The researchers say this means that the missing iron in the interstellar medium is actually out in plain view but masquerading as common carbon-chain molecules.

“The calculations involving iron pseudocarbynes were computationally challenging because we had to optimize the geometries and calculate the spectroscopic properties of several open-shell systems,” said Tarakeshwar. “The computational resources on Comet (including the software installed on it) were instrumental in enabling us to complete most preliminary calculations in a couple of months. The support of SDSC staff, especially Mahidhar Tatineni, was extremely valuable because many problems we encountered were expeditiously resolved as soon as we encountered them.”

The new work may also solve another longstanding puzzle.

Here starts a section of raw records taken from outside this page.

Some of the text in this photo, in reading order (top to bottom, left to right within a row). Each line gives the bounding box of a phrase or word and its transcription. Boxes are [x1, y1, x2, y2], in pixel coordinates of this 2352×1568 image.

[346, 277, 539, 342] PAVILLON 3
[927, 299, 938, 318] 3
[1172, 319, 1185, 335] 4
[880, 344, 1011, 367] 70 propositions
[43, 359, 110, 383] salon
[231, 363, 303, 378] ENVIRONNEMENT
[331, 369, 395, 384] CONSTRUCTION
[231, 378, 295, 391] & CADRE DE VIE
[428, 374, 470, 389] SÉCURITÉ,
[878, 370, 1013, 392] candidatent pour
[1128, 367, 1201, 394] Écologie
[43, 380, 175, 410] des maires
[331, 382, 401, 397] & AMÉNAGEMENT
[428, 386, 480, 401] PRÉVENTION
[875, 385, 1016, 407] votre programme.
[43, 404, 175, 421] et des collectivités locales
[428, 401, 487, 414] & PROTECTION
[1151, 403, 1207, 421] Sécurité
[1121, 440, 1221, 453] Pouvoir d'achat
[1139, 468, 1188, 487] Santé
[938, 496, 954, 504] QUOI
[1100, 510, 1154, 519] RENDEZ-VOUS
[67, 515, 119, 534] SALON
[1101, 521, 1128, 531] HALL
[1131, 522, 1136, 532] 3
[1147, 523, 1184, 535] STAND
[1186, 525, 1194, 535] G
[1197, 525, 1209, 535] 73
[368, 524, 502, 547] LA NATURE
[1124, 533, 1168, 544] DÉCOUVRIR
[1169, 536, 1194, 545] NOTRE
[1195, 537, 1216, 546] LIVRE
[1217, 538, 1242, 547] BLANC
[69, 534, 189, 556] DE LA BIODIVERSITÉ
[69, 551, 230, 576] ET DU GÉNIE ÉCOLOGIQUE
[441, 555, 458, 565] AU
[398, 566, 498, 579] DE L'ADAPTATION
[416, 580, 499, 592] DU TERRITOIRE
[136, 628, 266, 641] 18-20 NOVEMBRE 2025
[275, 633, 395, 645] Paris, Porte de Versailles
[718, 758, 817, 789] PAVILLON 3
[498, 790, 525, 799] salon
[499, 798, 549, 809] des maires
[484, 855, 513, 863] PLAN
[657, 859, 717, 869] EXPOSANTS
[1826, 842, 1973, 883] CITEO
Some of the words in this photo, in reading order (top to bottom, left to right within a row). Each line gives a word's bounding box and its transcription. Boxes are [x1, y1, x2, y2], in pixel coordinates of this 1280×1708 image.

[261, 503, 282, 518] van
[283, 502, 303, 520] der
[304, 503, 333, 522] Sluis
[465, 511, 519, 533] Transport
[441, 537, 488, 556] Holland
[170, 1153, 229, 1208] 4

Carbon chains with more than nine atoms are unstable, according to the research team. Yet observations have detected more complex carbon molecules in interstellar space. How nature builds these complex carbon molecules from simpler carbon molecules has been a longstanding mystery.

“Longer carbon chains are stabilized by the addition of iron clusters,” said Buseck, noting that this opens a new pathway for building more complex molecules in space such as polyaromatic hydrocarbons, of which naphthalene — the main ingredient in mothballs — is a familiar example.

Said Timmes, “Our work provides new insights into bridging the yawning gap between molecules containing nine or fewer carbon atoms and complex molecules such as C60 buckminsterfullerene, better known as ‘buckyballs.'”

Since its inception, computational chemistry has been extremely interdisciplinary. “Resources such as XSEDE, which are operational because of the shared expertise of several talented people, reinforce the idea that one can advance fundamental understanding and solve cutting-edge problems by using such resources.